---------- DATA RECORDS ----------
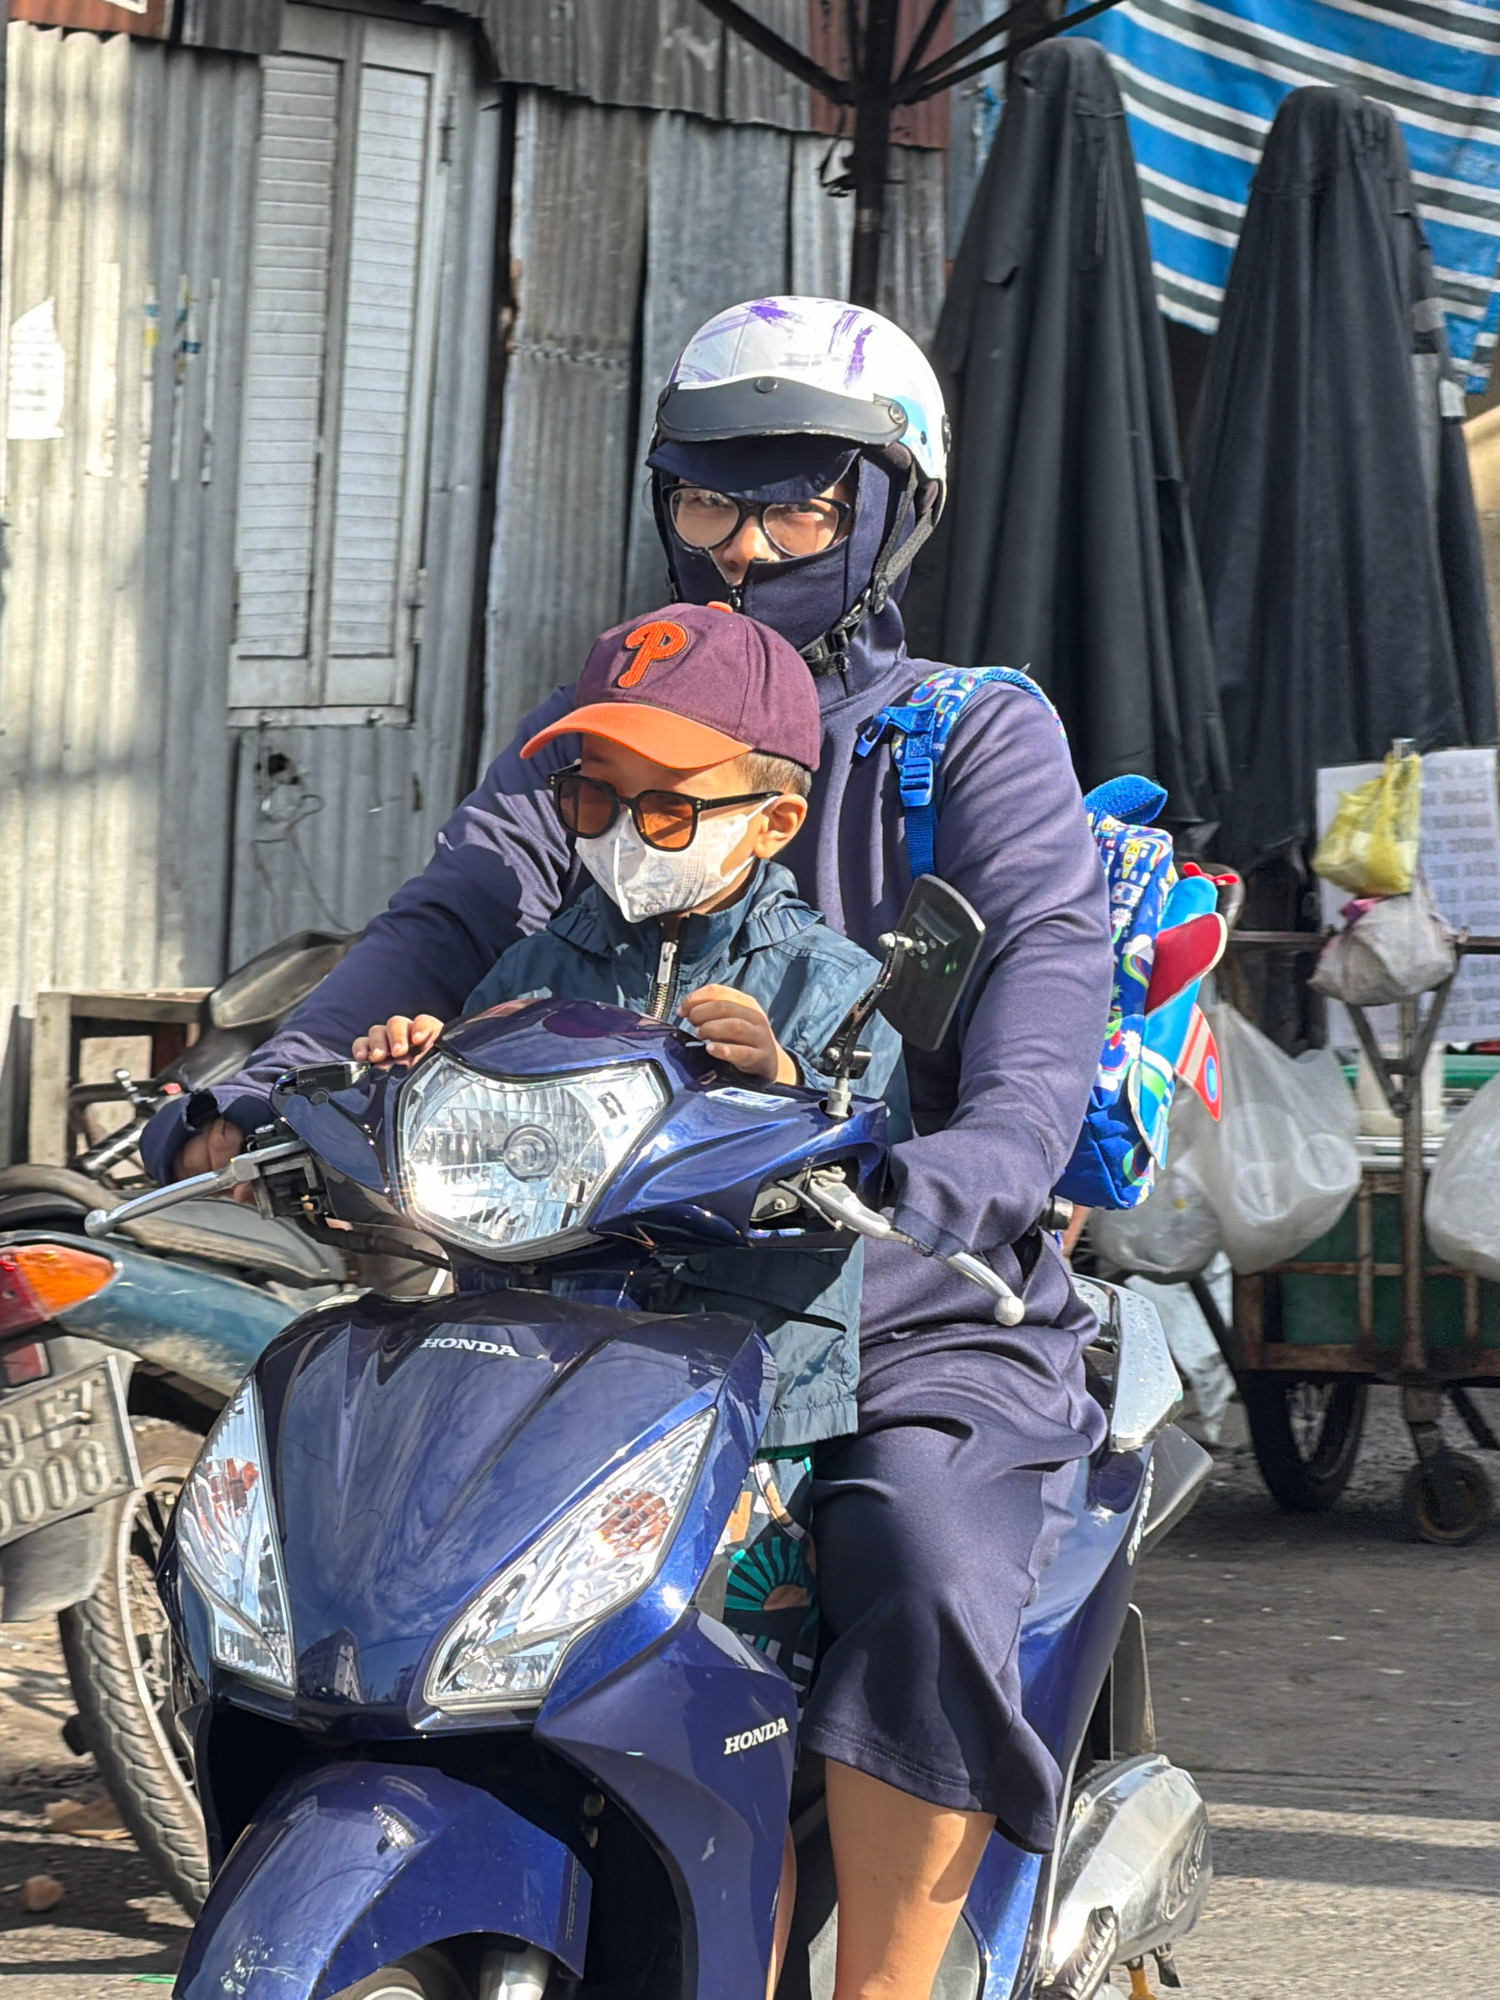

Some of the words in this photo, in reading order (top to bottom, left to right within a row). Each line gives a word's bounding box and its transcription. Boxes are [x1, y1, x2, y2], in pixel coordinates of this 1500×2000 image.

[617, 620, 689, 689] P
[420, 1337, 520, 1357] HONDA
[723, 1717, 789, 1755] HONDA
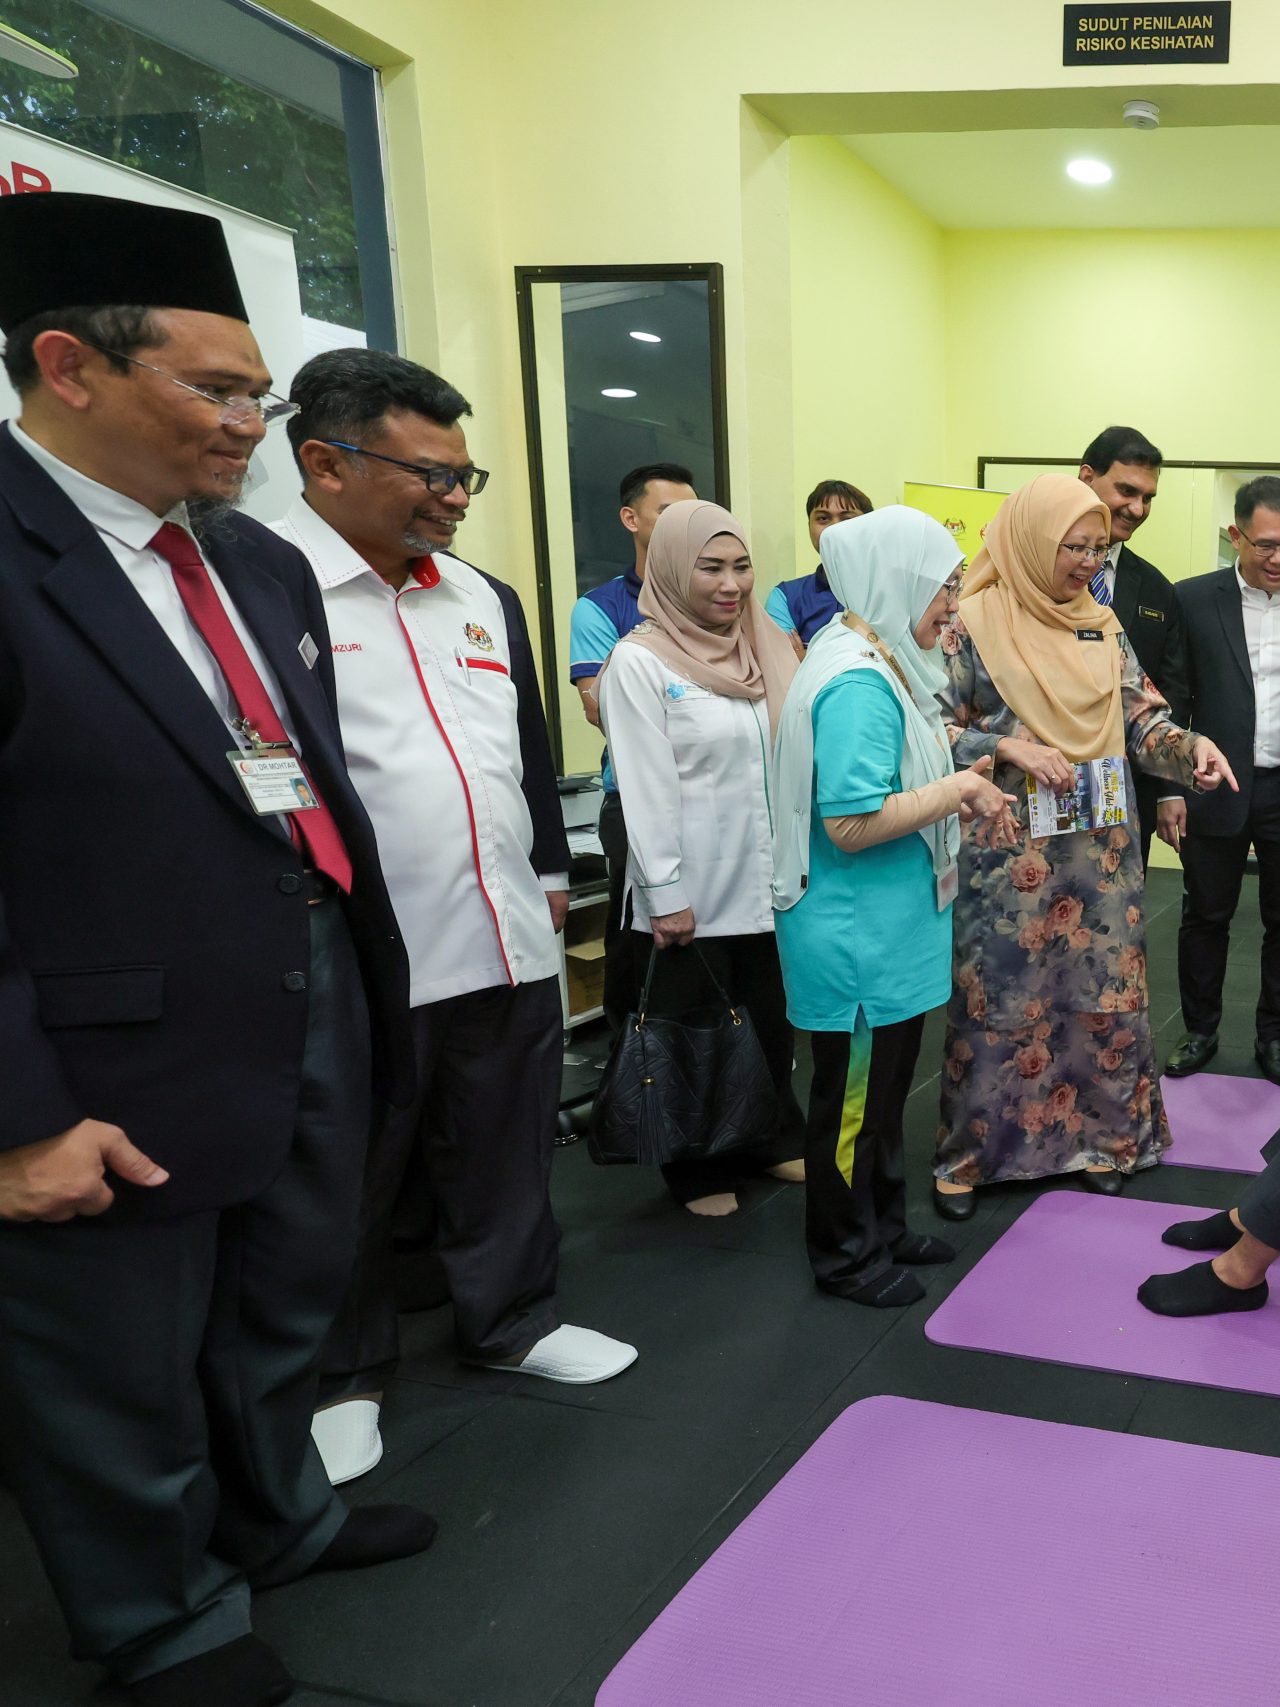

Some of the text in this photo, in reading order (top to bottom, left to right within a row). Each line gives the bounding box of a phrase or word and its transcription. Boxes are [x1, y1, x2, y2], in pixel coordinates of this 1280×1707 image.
----------
### GOAL OF THE EXERCISE
Please transcribe each line above exactly, but leave the images out.

### SOLVED PROBLEM
Some of the words in this photo, in reading order (top to bottom, left to right within a row). Each line gives a word's bounding box and its transcription. Boxes are [x1, y1, x2, y2], in pixel coordinates of this 1500×2000 image.

[617, 620, 689, 689] P
[420, 1337, 520, 1357] HONDA
[723, 1717, 789, 1755] HONDA

Some of the text in this photo, in reading order (top to bottom, left to right within a row). Each line gives the bounding box of a phrase or word and its transcription. Boxes are [x1, y1, x2, y2], in pixel coordinates of this 1280×1707 image.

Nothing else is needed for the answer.